Closed yangfengzzz closed 3 years ago

yangfengzzz commented 3 years ago

what is the difference for these two repos? there are very few infos about nanoVDB, but I find it already a lot of implementations

NBickford-NV commented 3 years ago

Hi yangfengzzz!

The hope is that NanoVDB will replace GVDB in the future, and we're encouraging new voxel projects to start with NanoVDB. However, this will still stay up, since people are still using it. NanoVDB's API is cleaner in many respects and maybe easier to start with, it includes statistics and cleaner raycasting, is easier to include (on account of the header file approach) and it's where most development effort is going. The main limitation of NanoVDB compared to GVDB at the moment is that NanoVDB doesn't explicitly support modifying the topology of the tree after it's been created (e.g. adding new bricks in GVDB) -- but I think this may be more of an API limitation than a data structure limitation, since if you're willing to go low-level enough the data structure does support some topology modification so long as it fits in the allocated buffer, and if re-allocating a buffer is OK then I think it might even be possible to reimplement GVDB over NanoVDB.

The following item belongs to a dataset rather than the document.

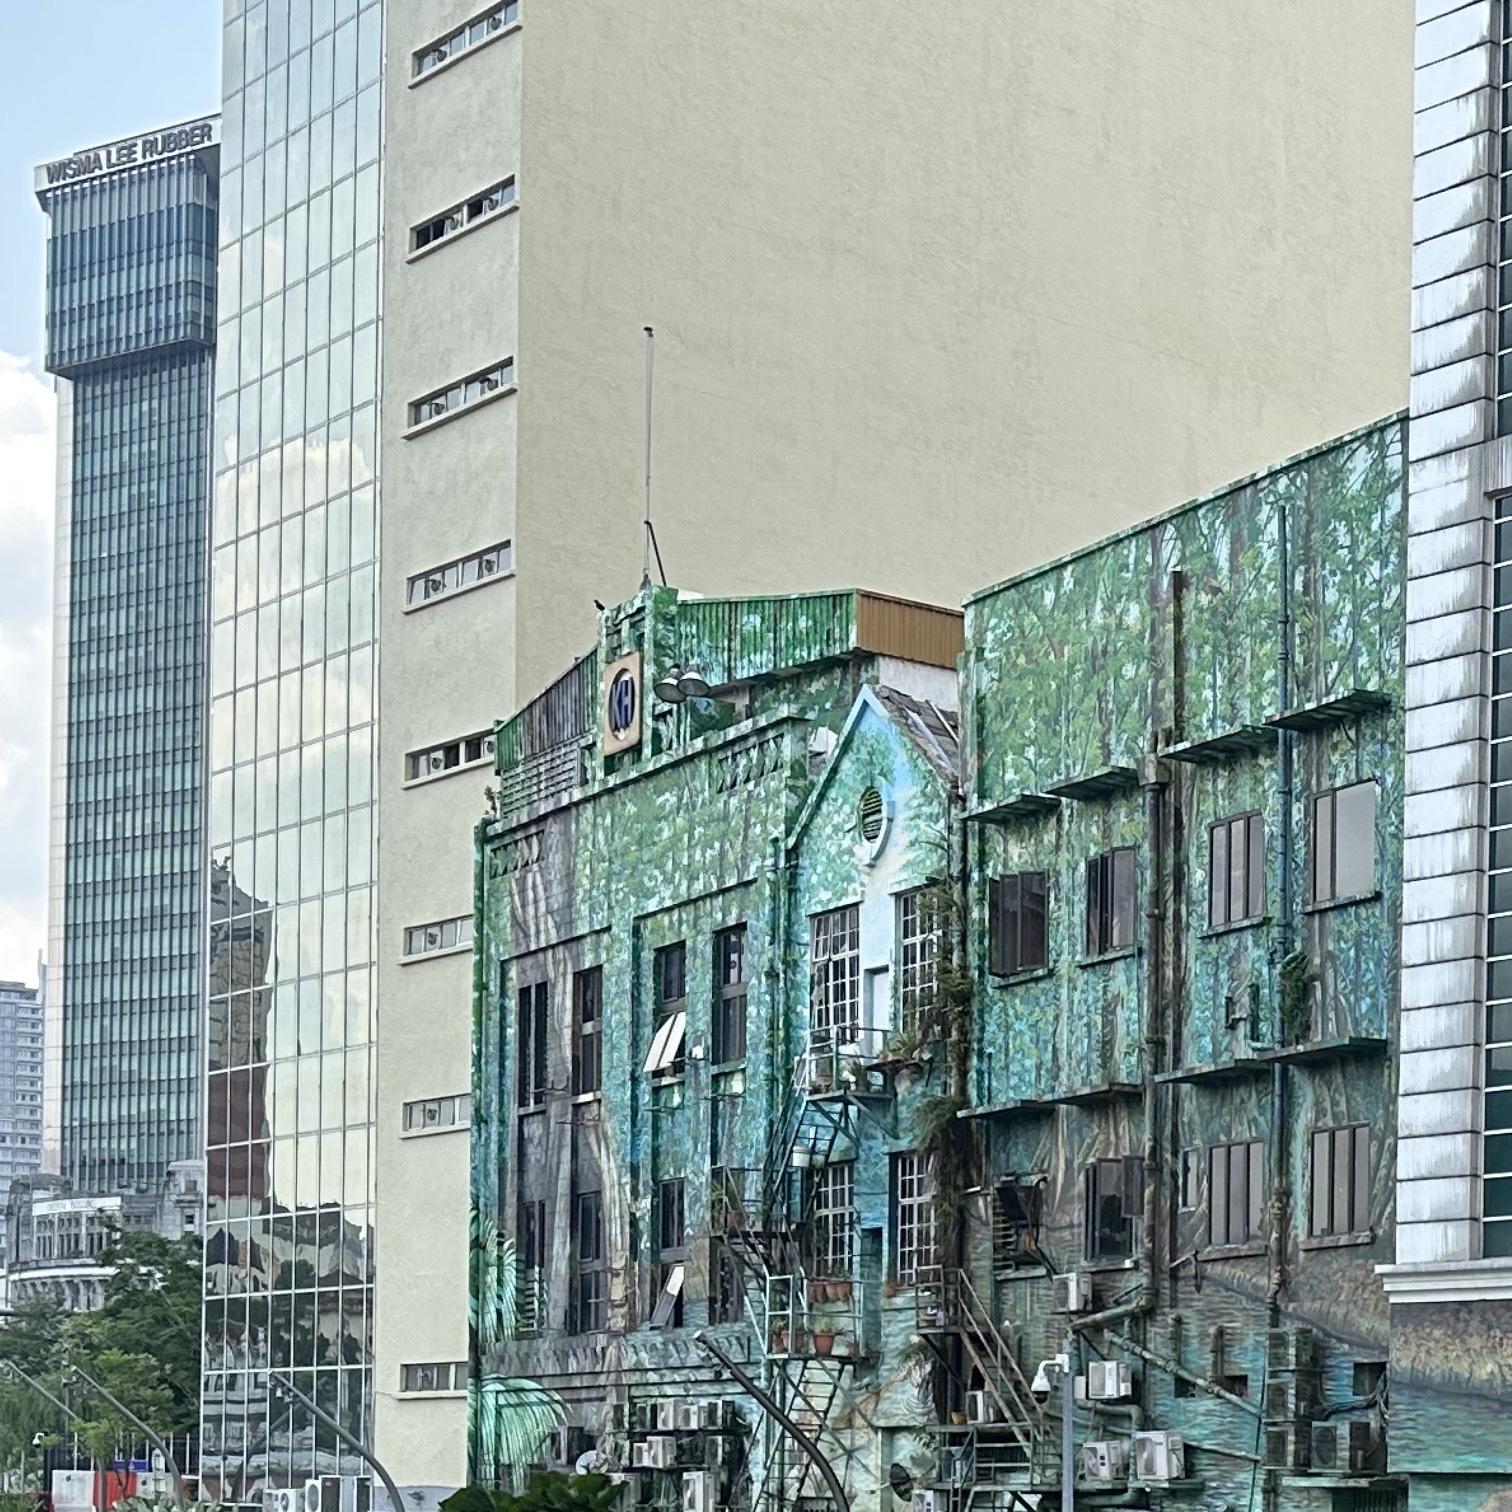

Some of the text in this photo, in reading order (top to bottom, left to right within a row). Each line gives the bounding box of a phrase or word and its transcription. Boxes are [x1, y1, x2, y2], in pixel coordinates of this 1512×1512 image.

To help with interop between the two, we have the gNanoVDB sample which shows how to convert a GVDB volume into a NanoVDB volume (there's some trickiness there because we handle most tree branching factors using code in a .ptx file, while if you only have to handle one tree branching factor or if you can use the CUDA Runtime API things get easier). I'm also hoping to improve GVDB documentation, so that if someone wants to port their GVDB code to NanoVDB, it's easier to determine what a GVDB function call is doing.

My main source for NanoVDB reference is the NanoVDB examples; NanoVDB.h is also extensively documented and is a good source for low-level info.

Hope this helps!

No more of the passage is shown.